> THE DATA
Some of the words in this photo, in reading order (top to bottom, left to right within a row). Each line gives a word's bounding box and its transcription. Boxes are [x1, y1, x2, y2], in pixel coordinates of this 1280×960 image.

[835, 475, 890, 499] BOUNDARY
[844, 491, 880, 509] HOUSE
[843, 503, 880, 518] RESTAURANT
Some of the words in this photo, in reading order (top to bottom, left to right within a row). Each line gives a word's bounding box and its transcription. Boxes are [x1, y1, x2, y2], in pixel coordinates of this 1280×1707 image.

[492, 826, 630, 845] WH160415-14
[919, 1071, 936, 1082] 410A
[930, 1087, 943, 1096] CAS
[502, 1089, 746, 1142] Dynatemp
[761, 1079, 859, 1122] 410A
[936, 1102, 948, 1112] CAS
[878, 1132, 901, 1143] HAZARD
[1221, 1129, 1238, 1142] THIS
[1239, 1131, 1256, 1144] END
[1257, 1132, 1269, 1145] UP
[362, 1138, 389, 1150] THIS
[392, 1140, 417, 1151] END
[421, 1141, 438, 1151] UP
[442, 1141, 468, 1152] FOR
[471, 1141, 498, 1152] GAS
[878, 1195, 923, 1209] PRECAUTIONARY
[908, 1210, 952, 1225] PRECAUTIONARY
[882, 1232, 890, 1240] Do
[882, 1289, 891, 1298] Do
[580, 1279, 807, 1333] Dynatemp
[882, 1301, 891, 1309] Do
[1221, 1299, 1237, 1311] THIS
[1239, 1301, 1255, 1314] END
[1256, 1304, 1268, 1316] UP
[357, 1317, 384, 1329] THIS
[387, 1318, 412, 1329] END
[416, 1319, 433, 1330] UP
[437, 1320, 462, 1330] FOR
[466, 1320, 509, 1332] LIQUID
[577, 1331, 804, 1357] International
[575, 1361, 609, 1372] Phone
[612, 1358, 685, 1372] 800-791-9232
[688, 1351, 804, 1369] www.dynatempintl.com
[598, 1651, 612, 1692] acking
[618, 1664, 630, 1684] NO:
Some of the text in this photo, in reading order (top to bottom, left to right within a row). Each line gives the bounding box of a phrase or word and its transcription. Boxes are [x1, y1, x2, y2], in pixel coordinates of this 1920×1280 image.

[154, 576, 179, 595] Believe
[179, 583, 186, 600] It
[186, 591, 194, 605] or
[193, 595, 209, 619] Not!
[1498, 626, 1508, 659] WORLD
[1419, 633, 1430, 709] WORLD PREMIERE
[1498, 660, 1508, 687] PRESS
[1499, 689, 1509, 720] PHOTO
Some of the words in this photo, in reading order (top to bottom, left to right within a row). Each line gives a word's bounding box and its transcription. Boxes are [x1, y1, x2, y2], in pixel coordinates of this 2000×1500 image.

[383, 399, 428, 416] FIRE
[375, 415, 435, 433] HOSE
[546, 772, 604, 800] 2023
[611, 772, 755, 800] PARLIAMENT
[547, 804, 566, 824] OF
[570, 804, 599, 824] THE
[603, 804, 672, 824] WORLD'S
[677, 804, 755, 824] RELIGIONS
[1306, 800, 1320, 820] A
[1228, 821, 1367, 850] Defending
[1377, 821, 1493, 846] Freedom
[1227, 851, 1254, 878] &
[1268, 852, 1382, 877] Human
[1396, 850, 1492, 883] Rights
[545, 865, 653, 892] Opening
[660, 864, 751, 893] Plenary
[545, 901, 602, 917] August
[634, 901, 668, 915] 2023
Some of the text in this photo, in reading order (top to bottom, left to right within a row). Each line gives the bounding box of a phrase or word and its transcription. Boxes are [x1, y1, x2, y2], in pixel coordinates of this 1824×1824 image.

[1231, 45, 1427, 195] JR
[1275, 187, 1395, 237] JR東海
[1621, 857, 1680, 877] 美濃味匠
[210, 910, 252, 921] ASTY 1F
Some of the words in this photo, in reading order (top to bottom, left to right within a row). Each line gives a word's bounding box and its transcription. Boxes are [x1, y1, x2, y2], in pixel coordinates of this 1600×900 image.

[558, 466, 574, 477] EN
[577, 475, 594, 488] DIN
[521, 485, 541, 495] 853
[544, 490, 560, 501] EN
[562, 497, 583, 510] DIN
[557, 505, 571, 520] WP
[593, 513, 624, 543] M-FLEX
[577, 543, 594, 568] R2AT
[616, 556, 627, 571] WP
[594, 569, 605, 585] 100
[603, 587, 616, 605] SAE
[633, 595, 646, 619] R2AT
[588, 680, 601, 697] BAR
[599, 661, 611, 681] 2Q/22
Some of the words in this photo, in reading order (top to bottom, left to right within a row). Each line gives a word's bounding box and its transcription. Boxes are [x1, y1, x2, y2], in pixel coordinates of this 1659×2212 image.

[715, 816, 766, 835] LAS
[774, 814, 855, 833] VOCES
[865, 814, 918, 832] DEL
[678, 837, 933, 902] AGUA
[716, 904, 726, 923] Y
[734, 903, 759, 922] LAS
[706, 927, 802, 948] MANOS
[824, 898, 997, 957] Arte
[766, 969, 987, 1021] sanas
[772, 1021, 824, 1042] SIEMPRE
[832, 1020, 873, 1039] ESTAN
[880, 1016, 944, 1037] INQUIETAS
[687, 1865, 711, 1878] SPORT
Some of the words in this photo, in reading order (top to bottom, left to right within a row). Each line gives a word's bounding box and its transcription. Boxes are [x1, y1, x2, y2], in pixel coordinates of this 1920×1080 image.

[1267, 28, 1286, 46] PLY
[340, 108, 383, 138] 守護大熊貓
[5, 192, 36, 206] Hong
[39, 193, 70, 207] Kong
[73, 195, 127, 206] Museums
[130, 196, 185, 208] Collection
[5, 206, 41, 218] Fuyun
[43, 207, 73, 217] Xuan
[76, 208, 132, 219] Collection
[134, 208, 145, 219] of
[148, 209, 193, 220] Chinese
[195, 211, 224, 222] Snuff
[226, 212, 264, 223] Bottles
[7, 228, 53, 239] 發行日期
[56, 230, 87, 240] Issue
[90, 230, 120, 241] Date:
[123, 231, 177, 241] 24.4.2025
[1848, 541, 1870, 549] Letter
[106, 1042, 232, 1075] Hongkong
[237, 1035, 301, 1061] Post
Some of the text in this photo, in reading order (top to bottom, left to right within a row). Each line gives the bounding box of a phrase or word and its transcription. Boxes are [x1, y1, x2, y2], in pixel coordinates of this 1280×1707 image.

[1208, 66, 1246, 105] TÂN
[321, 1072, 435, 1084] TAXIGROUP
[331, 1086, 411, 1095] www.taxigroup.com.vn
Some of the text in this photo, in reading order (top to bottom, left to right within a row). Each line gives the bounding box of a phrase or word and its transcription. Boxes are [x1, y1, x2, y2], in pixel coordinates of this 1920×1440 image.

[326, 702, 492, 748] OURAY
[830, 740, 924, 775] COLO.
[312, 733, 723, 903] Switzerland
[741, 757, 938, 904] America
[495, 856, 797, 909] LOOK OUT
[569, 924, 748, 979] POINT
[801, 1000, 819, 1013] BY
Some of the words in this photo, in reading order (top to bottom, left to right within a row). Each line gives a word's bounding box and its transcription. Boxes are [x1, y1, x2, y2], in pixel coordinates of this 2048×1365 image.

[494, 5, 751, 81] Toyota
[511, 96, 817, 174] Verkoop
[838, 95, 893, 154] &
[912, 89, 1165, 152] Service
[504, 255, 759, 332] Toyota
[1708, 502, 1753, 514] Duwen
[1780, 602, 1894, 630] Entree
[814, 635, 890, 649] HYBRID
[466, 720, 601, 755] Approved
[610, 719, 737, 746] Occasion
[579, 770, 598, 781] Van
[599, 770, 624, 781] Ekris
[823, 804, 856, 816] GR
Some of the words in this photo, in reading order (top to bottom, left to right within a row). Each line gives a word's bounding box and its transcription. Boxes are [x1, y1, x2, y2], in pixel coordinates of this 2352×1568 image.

> PROBLEM
Go through the records and set each one down again, unchanged.

> YOUR SOLUTION
Some of the words in this photo, in reading order (top to bottom, left to right within a row). Each line gives a word's bounding box and its transcription. Boxes are [x1, y1, x2, y2], in pixel coordinates of this 1280×960 image.

[835, 475, 890, 499] BOUNDARY
[844, 491, 880, 509] HOUSE
[843, 503, 880, 518] RESTAURANT
Some of the words in this photo, in reading order (top to bottom, left to right within a row). Each line gives a word's bounding box and its transcription. Boxes are [x1, y1, x2, y2], in pixel coordinates of this 1280×1707 image.

[492, 826, 630, 845] WH160415-14
[919, 1071, 936, 1082] 410A
[930, 1087, 943, 1096] CAS
[502, 1089, 746, 1142] Dynatemp
[761, 1079, 859, 1122] 410A
[936, 1102, 948, 1112] CAS
[878, 1132, 901, 1143] HAZARD
[1221, 1129, 1238, 1142] THIS
[1239, 1131, 1256, 1144] END
[1257, 1132, 1269, 1145] UP
[362, 1138, 389, 1150] THIS
[392, 1140, 417, 1151] END
[421, 1141, 438, 1151] UP
[442, 1141, 468, 1152] FOR
[471, 1141, 498, 1152] GAS
[878, 1195, 923, 1209] PRECAUTIONARY
[908, 1210, 952, 1225] PRECAUTIONARY
[882, 1232, 890, 1240] Do
[882, 1289, 891, 1298] Do
[580, 1279, 807, 1333] Dynatemp
[882, 1301, 891, 1309] Do
[1221, 1299, 1237, 1311] THIS
[1239, 1301, 1255, 1314] END
[1256, 1304, 1268, 1316] UP
[357, 1317, 384, 1329] THIS
[387, 1318, 412, 1329] END
[416, 1319, 433, 1330] UP
[437, 1320, 462, 1330] FOR
[466, 1320, 509, 1332] LIQUID
[577, 1331, 804, 1357] International
[575, 1361, 609, 1372] Phone
[612, 1358, 685, 1372] 800-791-9232
[688, 1351, 804, 1369] www.dynatempintl.com
[598, 1651, 612, 1692] acking
[618, 1664, 630, 1684] NO:
Some of the text in this photo, in reading order (top to bottom, left to right within a row). Each line gives the bounding box of a phrase or word and its transcription. Boxes are [x1, y1, x2, y2], in pixel coordinates of this 1920×1280 image.

[154, 576, 179, 595] Believe
[179, 583, 186, 600] It
[186, 591, 194, 605] or
[193, 595, 209, 619] Not!
[1498, 626, 1508, 659] WORLD
[1419, 633, 1430, 709] WORLD PREMIERE
[1498, 660, 1508, 687] PRESS
[1499, 689, 1509, 720] PHOTO
Some of the words in this photo, in reading order (top to bottom, left to right within a row). Each line gives a word's bounding box and its transcription. Boxes are [x1, y1, x2, y2], in pixel coordinates of this 2000×1500 image.

[383, 399, 428, 416] FIRE
[375, 415, 435, 433] HOSE
[546, 772, 604, 800] 2023
[611, 772, 755, 800] PARLIAMENT
[547, 804, 566, 824] OF
[570, 804, 599, 824] THE
[603, 804, 672, 824] WORLD'S
[677, 804, 755, 824] RELIGIONS
[1306, 800, 1320, 820] A
[1228, 821, 1367, 850] Defending
[1377, 821, 1493, 846] Freedom
[1227, 851, 1254, 878] &
[1268, 852, 1382, 877] Human
[1396, 850, 1492, 883] Rights
[545, 865, 653, 892] Opening
[660, 864, 751, 893] Plenary
[545, 901, 602, 917] August
[634, 901, 668, 915] 2023
Some of the text in this photo, in reading order (top to bottom, left to right within a row). Each line gives the bounding box of a phrase or word and its transcription. Boxes are [x1, y1, x2, y2], in pixel coordinates of this 1824×1824 image.

[1231, 45, 1427, 195] JR
[1275, 187, 1395, 237] JR東海
[1621, 857, 1680, 877] 美濃味匠
[210, 910, 252, 921] ASTY 1F
Some of the words in this photo, in reading order (top to bottom, left to right within a row). Each line gives a word's bounding box and its transcription. Boxes are [x1, y1, x2, y2], in pixel coordinates of this 1600×900 image.

[558, 466, 574, 477] EN
[577, 475, 594, 488] DIN
[521, 485, 541, 495] 853
[544, 490, 560, 501] EN
[562, 497, 583, 510] DIN
[557, 505, 571, 520] WP
[593, 513, 624, 543] M-FLEX
[577, 543, 594, 568] R2AT
[616, 556, 627, 571] WP
[594, 569, 605, 585] 100
[603, 587, 616, 605] SAE
[633, 595, 646, 619] R2AT
[588, 680, 601, 697] BAR
[599, 661, 611, 681] 2Q/22
Some of the words in this photo, in reading order (top to bottom, left to right within a row). Each line gives a word's bounding box and its transcription. Boxes are [x1, y1, x2, y2], in pixel coordinates of this 1659×2212 image.

[715, 816, 766, 835] LAS
[774, 814, 855, 833] VOCES
[865, 814, 918, 832] DEL
[678, 837, 933, 902] AGUA
[716, 904, 726, 923] Y
[734, 903, 759, 922] LAS
[706, 927, 802, 948] MANOS
[824, 898, 997, 957] Arte
[766, 969, 987, 1021] sanas
[772, 1021, 824, 1042] SIEMPRE
[832, 1020, 873, 1039] ESTAN
[880, 1016, 944, 1037] INQUIETAS
[687, 1865, 711, 1878] SPORT
Some of the words in this photo, in reading order (top to bottom, left to right within a row). Each line gives a word's bounding box and its transcription. Boxes are [x1, y1, x2, y2], in pixel coordinates of this 1920×1080 image.

[1267, 28, 1286, 46] PLY
[340, 108, 383, 138] 守護大熊貓
[5, 192, 36, 206] Hong
[39, 193, 70, 207] Kong
[73, 195, 127, 206] Museums
[130, 196, 185, 208] Collection
[5, 206, 41, 218] Fuyun
[43, 207, 73, 217] Xuan
[76, 208, 132, 219] Collection
[134, 208, 145, 219] of
[148, 209, 193, 220] Chinese
[195, 211, 224, 222] Snuff
[226, 212, 264, 223] Bottles
[7, 228, 53, 239] 發行日期
[56, 230, 87, 240] Issue
[90, 230, 120, 241] Date:
[123, 231, 177, 241] 24.4.2025
[1848, 541, 1870, 549] Letter
[106, 1042, 232, 1075] Hongkong
[237, 1035, 301, 1061] Post
Some of the text in this photo, in reading order (top to bottom, left to right within a row). Each line gives the bounding box of a phrase or word and its transcription. Boxes are [x1, y1, x2, y2], in pixel coordinates of this 1280×1707 image.

[1208, 66, 1246, 105] TÂN
[321, 1072, 435, 1084] TAXIGROUP
[331, 1086, 411, 1095] www.taxigroup.com.vn
Some of the text in this photo, in reading order (top to bottom, left to right within a row). Each line gives the bounding box of a phrase or word and its transcription. Boxes are [x1, y1, x2, y2], in pixel coordinates of this 1920×1440 image.

[326, 702, 492, 748] OURAY
[830, 740, 924, 775] COLO.
[312, 733, 723, 903] Switzerland
[741, 757, 938, 904] America
[495, 856, 797, 909] LOOK OUT
[569, 924, 748, 979] POINT
[801, 1000, 819, 1013] BY
Some of the words in this photo, in reading order (top to bottom, left to right within a row). Each line gives a word's bounding box and its transcription. Boxes are [x1, y1, x2, y2], in pixel coordinates of this 2048×1365 image.

[494, 5, 751, 81] Toyota
[511, 96, 817, 174] Verkoop
[838, 95, 893, 154] &
[912, 89, 1165, 152] Service
[504, 255, 759, 332] Toyota
[1708, 502, 1753, 514] Duwen
[1780, 602, 1894, 630] Entree
[814, 635, 890, 649] HYBRID
[466, 720, 601, 755] Approved
[610, 719, 737, 746] Occasion
[579, 770, 598, 781] Van
[599, 770, 624, 781] Ekris
[823, 804, 856, 816] GR
Some of the words in this photo, in reading order (top to bottom, left to right within a row). Each line gives a word's bounding box and its transcription. Boxes are [x1, y1, x2, y2], in pixel coordinates of this 2352×1568 image.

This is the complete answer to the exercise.